You know, in those four or three BE accounts, she
only has access to a certain amount of funds, typically
target date funds and you know, maybe a couple index funds,
whereas in an IRA we're able to invest very broadly.
(30:09):
So there's exchange traded funds ETFs. You know, they're more
passive index funds, lower cost, lower expense ratio. And then
there's mutual funds that might make sense. We look a
lot at corporate bond mutual funds. Right now, we're still
yielding a very attractive interest rate. You know, we see
some getting seven percent even eight percent still even with
the Fed's most recent decrease in interest rates. So we're
(30:32):
typically more short on the duration right now, I would say,
to target the higher yield, the higher coupon. But again
we customize portfolios based on what you're looking to accomplish.
We've got younger folks, you know, whether they're thirty forty
years old, they've got years and years before they retire.
It's time to accumulate, it's time to grow, So we
go more stock, more market exposure.

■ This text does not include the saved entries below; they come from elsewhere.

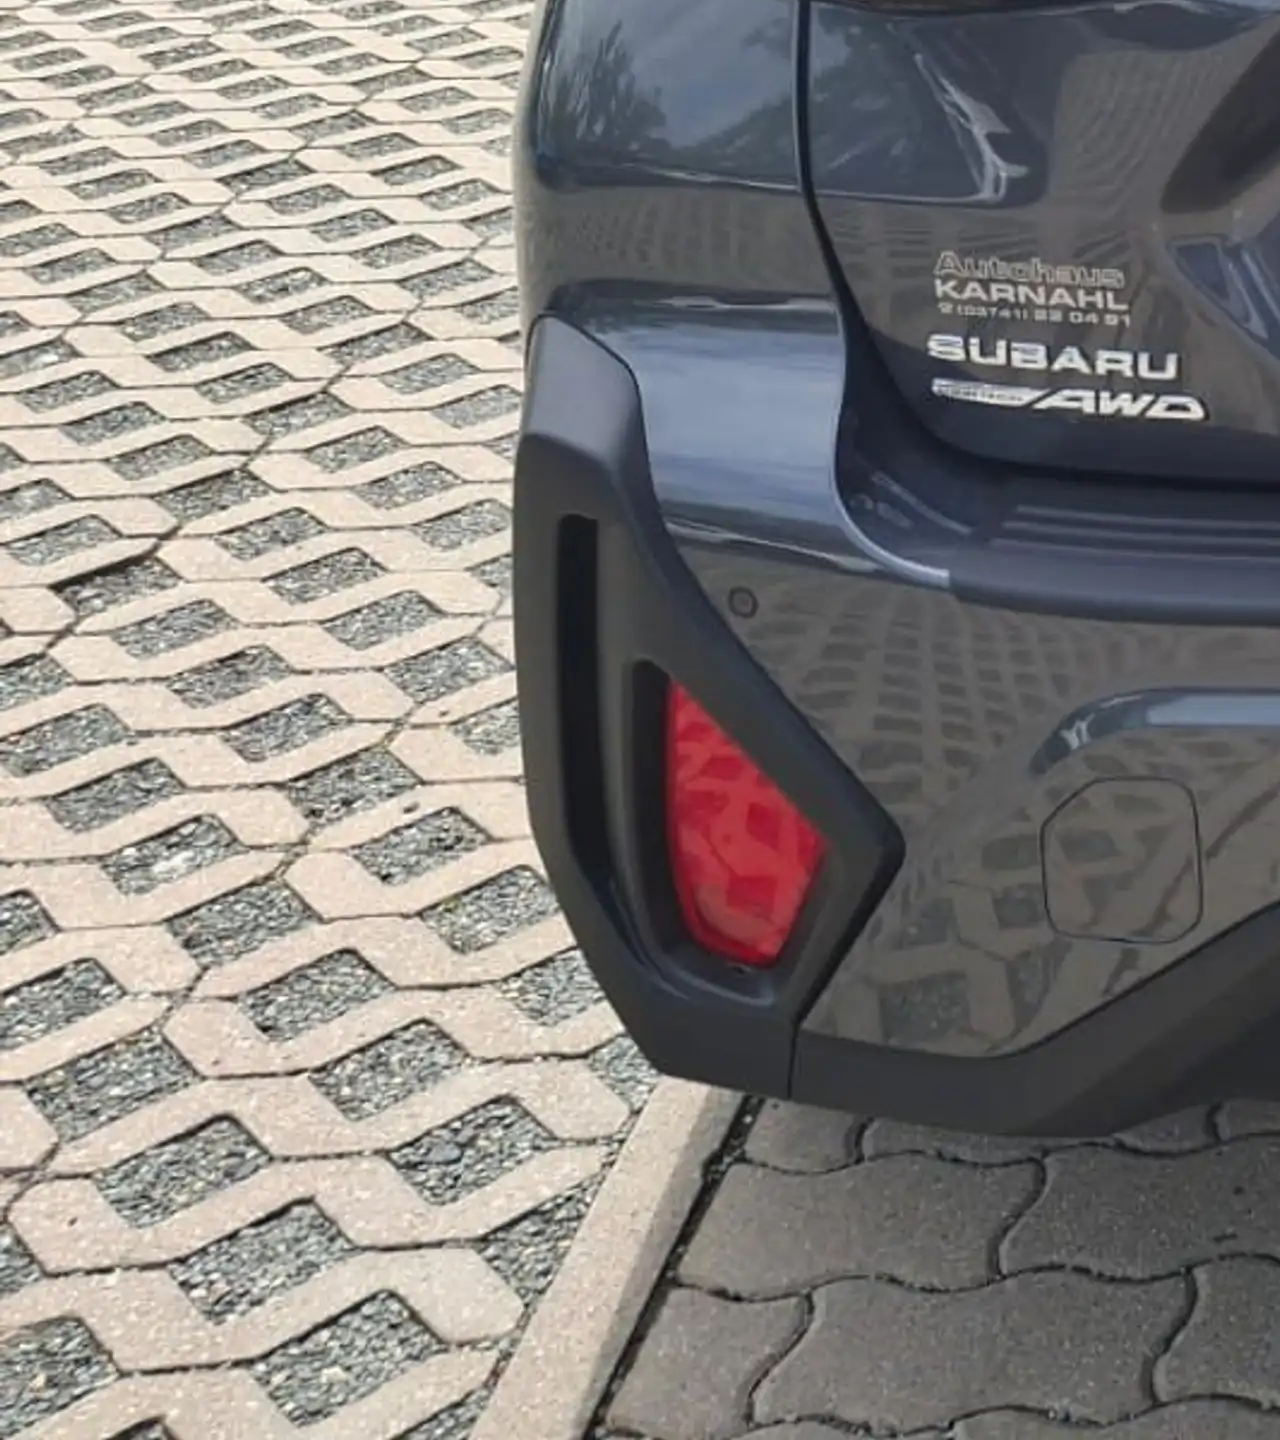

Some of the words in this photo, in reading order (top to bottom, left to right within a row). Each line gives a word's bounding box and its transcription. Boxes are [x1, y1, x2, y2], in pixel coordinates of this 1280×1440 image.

[934, 250, 1124, 289] Autohaus
[935, 279, 1129, 311] KARNAHL
[1033, 308, 1063, 324] 22
[1070, 312, 1099, 325] 04
[1104, 314, 1131, 328] 91
[927, 333, 1179, 380] SUBARU
[1032, 389, 1207, 421] AWD

Right, the market's averaged
(30:56):
about ten percent historically since it opened, so will typically
go more into the stock market. And as we get
closer to that retirement date, that's when we'll start restructuring
and getting it a little bit more towards cash flow
and get it into those buckets of money we talk about,
so the bucket of money approach as far as income
distribution and retirement. So there's just, uh, there's a lot
(31:20):
we talk about. Sometimes it might sound like we're just
brain dumping here, but uh, again, I think it relates
to a lot of a lot of individuals out there.
Speaker 3 (31:28):
Yeah, and it's all it all goes hand in hand.

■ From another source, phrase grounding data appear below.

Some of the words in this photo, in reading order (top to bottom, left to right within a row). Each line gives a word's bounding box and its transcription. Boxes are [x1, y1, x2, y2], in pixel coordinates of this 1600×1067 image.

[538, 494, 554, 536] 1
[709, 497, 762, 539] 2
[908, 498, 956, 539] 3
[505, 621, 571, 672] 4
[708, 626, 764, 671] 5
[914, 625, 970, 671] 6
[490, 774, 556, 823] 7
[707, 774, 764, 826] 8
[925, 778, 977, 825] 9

You want your assets and your asset allocation to reflect
how you want your estate plan as well. So we
work with attorneys, uh to set up you know, these
legal documents and things that we're talking about today to
button up the estate, and then we reflect that within
their investments. You know, some people want to be more
aggressive and have more aggressive growth because they aren't really
(31:53):
going to touch a lot of this money. They're they're
gonna they're trying to grow it for their beneficiaries, whereas
other folks are saying, you know, we want to spend
down these assets. We've saved our entire life. You know,
we want to hit all these bucket list items that
we've always wanted to do in retirement. So our plan
is to spend our money, spend down these assets, and
enjoy them because this is what we did.
Speaker 2 (32:12):
We saved our whole lives for this, and the kids
are successful.
Speaker 3 (32:16):
The kids are Yeah, and that's the other thing too.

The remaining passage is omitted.